--- DATASET EXTRACT Enclosed Below ---

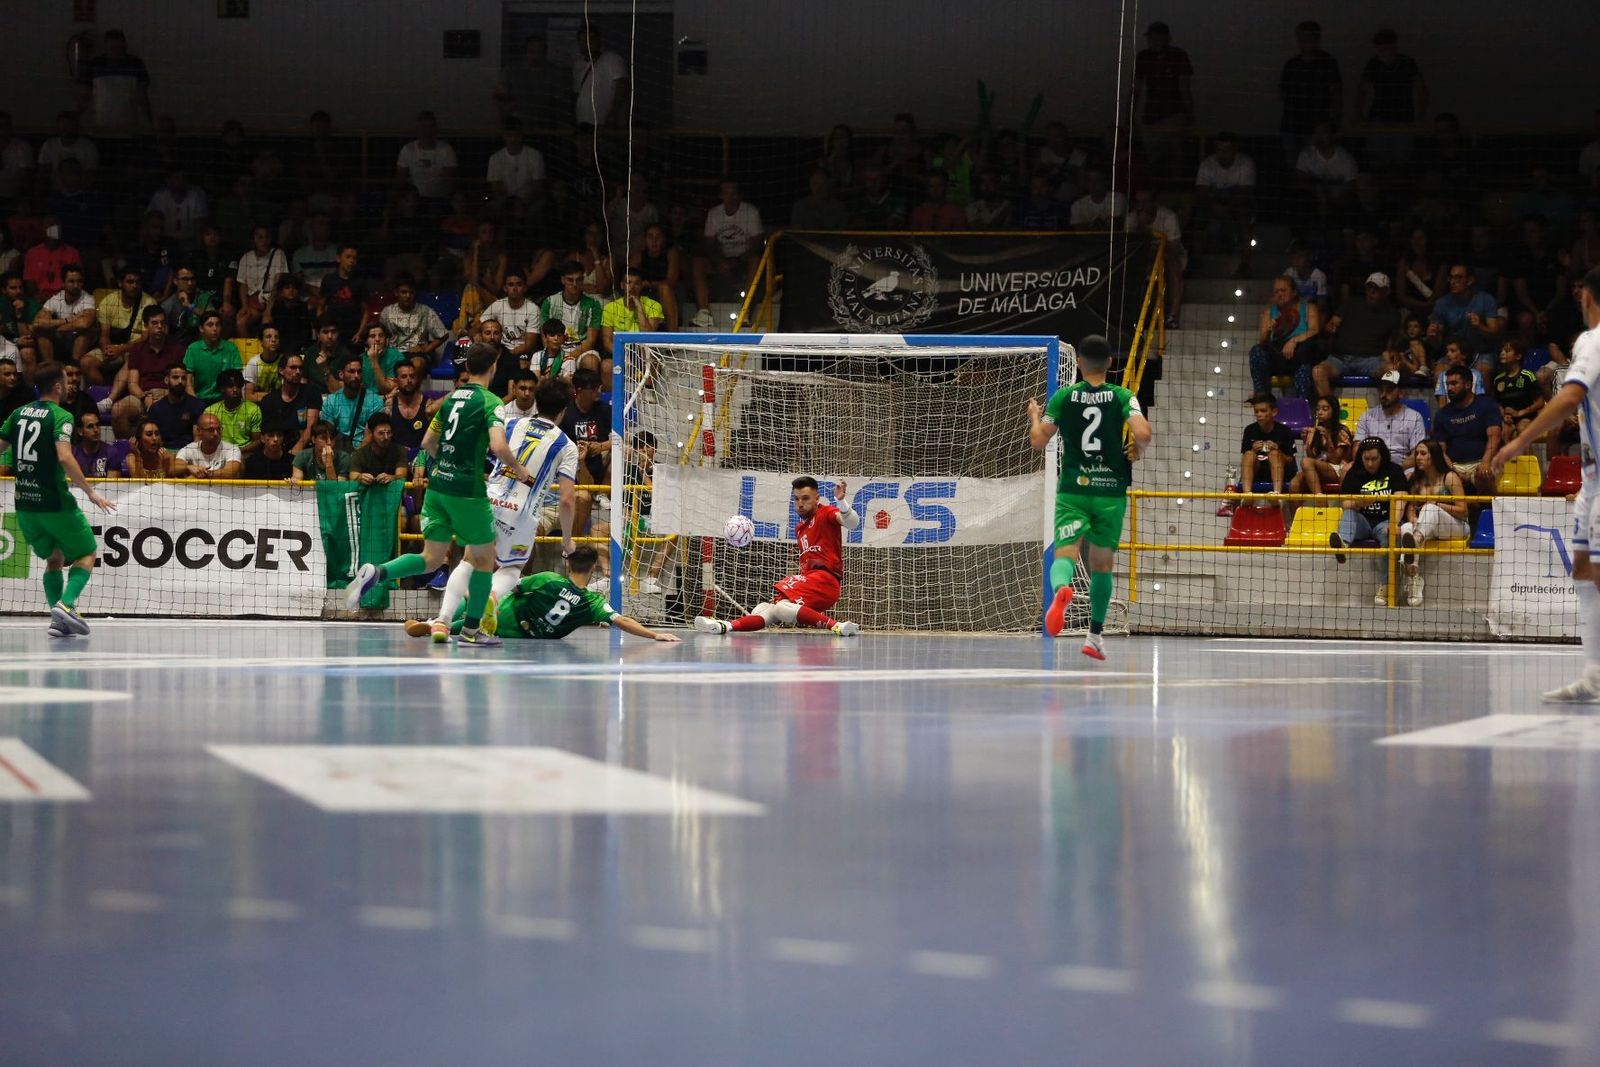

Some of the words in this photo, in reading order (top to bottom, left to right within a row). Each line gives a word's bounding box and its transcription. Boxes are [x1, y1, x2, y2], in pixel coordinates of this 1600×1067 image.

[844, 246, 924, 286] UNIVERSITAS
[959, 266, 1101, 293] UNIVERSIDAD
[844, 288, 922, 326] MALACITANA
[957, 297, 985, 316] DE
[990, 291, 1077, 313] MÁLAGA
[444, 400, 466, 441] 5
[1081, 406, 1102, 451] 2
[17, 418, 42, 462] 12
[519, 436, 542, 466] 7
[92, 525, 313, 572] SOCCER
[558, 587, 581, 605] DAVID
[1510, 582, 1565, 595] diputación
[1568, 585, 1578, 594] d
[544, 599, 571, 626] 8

--- End of Enclosed DATASET EXTRACT ---

» **EXERCISE PROMPT**:
You are asked to reproduce each line above exactly, but to exclude the pictures.

» **REPLY**:
Some of the words in this photo, in reading order (top to bottom, left to right within a row). Each line gives a word's bounding box and its transcription. Boxes are [x1, y1, x2, y2], in pixel coordinates of this 1600×1067 image.

[844, 246, 924, 286] UNIVERSITAS
[959, 266, 1101, 293] UNIVERSIDAD
[844, 288, 922, 326] MALACITANA
[957, 297, 985, 316] DE
[990, 291, 1077, 313] MÁLAGA
[444, 400, 466, 441] 5
[1081, 406, 1102, 451] 2
[17, 418, 42, 462] 12
[519, 436, 542, 466] 7
[92, 525, 313, 572] SOCCER
[558, 587, 581, 605] DAVID
[1510, 582, 1565, 595] diputación
[1568, 585, 1578, 594] d
[544, 599, 571, 626] 8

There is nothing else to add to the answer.